In every field, businesses of all sizes are looking to hire people who understand computing, so we need more students to leave school confident in skills like coding, computational thinking, machine learning and cybersecurity.
The U.K. has already led the way in preparing for this future by making computer science education a part of the school curriculum in 2014. But we know there is more to do to ensure young people in every community have access to world-class computer science education.
A recent report from the Royal Society found that despite the good progress in recent years, only 11 percent of Key Stage 4 pupils take GCSE computer science. The majority of teachers are teaching an unfamiliar school subject without adequate support. These teachers are eager to offer computer science to their students but they need access to subject area training to build their confidence.
The U.K. government’s announcement that they’re investing £100 million for an additional 8,000 computer science teachers supported by a new National Centre for Computing is an encouraging step forward. It builds on the progress that’s been made since computing was added to the curriculum in 2014 by helping to ensure teachers have the specialist training and support they need to educate the next generation of British computer scientists.

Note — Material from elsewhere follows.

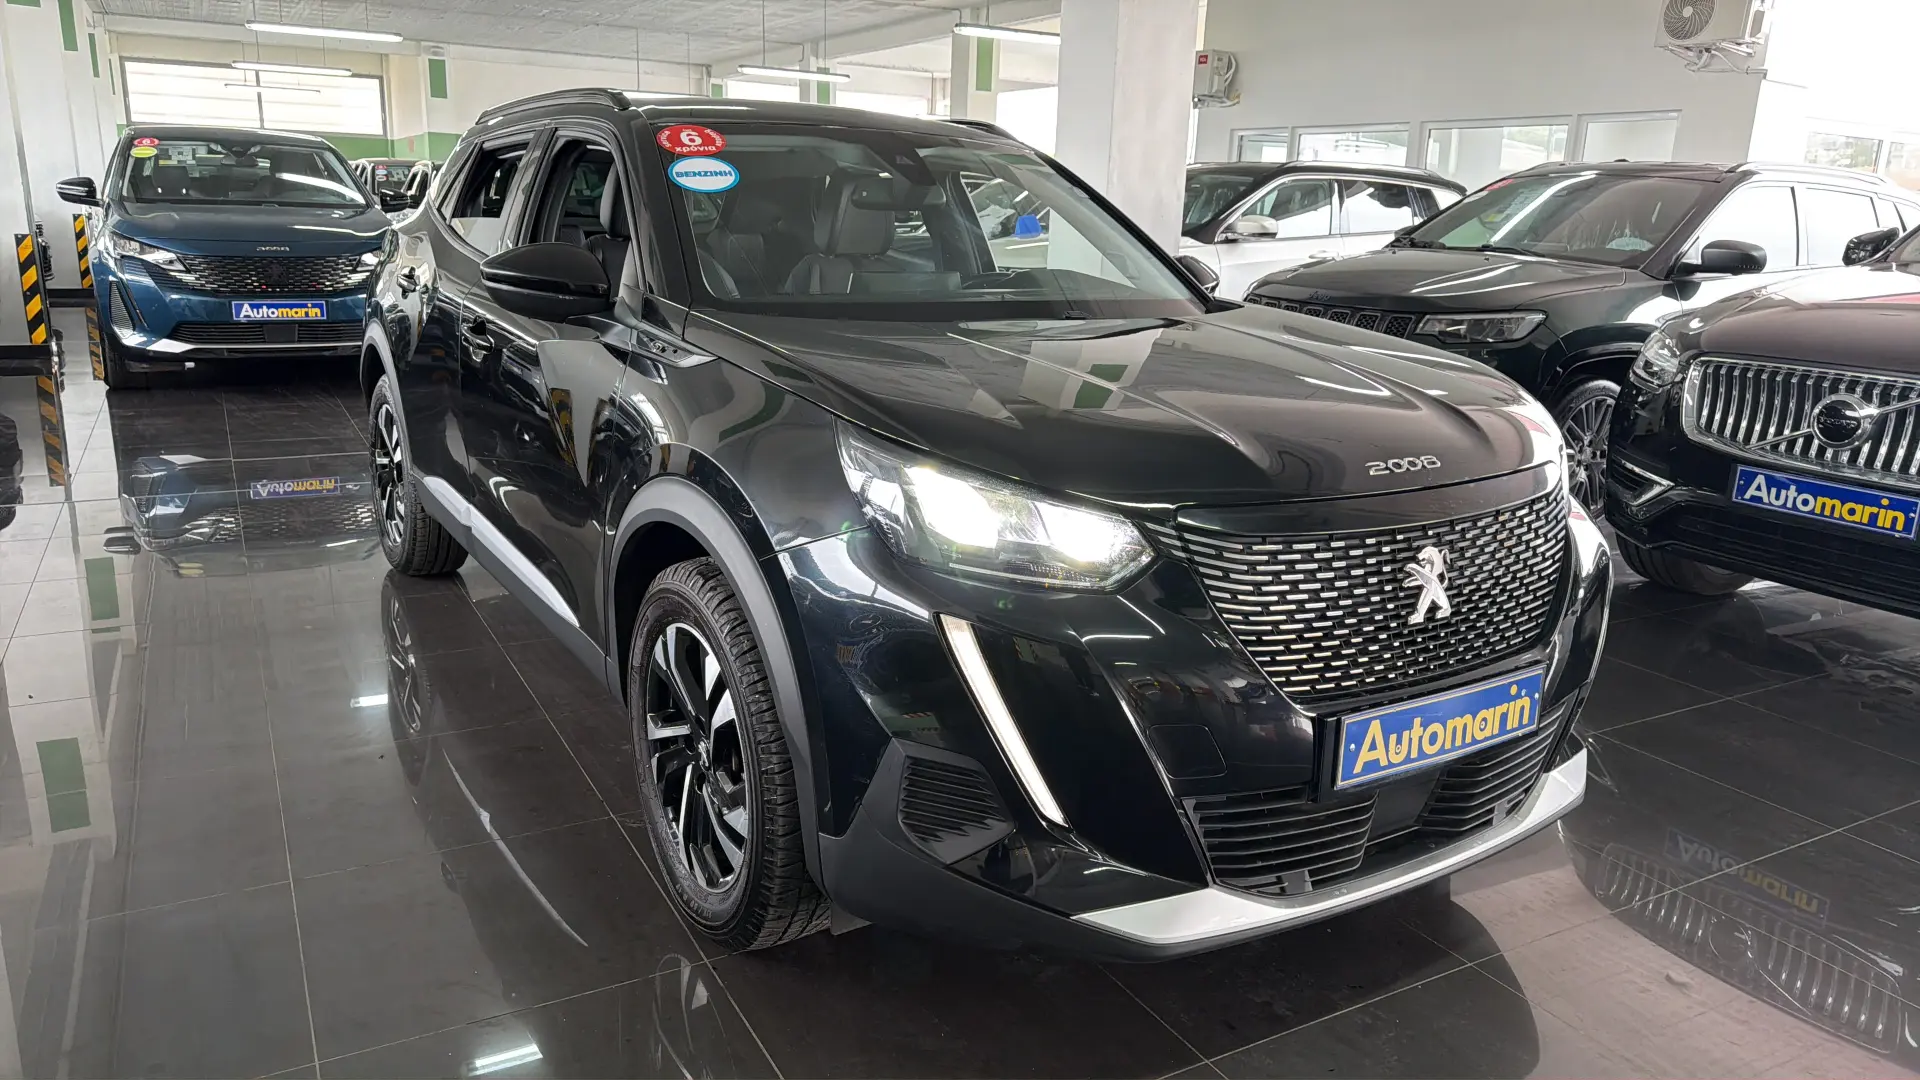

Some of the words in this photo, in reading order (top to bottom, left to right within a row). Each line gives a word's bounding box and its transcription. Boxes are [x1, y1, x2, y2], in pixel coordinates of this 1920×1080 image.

We want to continue to play our part too.
Today we’re announcing £1 million in grants to support training for secondary school computing teachers in the U.K.
The Google.org grant will allow the Raspberry Pi Foundation, the British Computer Society and the National STEM Learning Centre to deliver free computer science and pedagogy training for thousands of key stage 3 and key stage 4 teachers in England over three years, with a specific focus on disadvantaged areas.
Through this effort, they will make make online courses and professional development resources available to teachers anywhere, anytime, for free, and deliver free in-person workshops for teachers across the country.
Googlers care deeply about helping to develop our future computer scientists, and many of them will give their time and skills to this program. A team of Google engineers and learning and development specialists will volunteer with Raspberry Pi to ensure that all teachers are able to access the online resources and courses.
This grant is part of Google’s long-standing commitment to computer science education. Through Google.org, we’ve given nearly $40 million to organizations around the globe ensuring that traditionally underrepresented students have access to opportunities to explore computer science.
In the U.K., we also support teacher recruitment and professional development by teaming up with organizations like Teach First and University of Wolverhampton, and we focus on inspiring more children, especially girls and those from disadvantaged areas, to take up computing through Code Club UK after-school clubs.
CS education and computational thinking skills are key to the future, and we’re committed to supporting Raspberry Pi—and other organizations like them—to ensure teachers and young people have the skills they’ll need to succeed.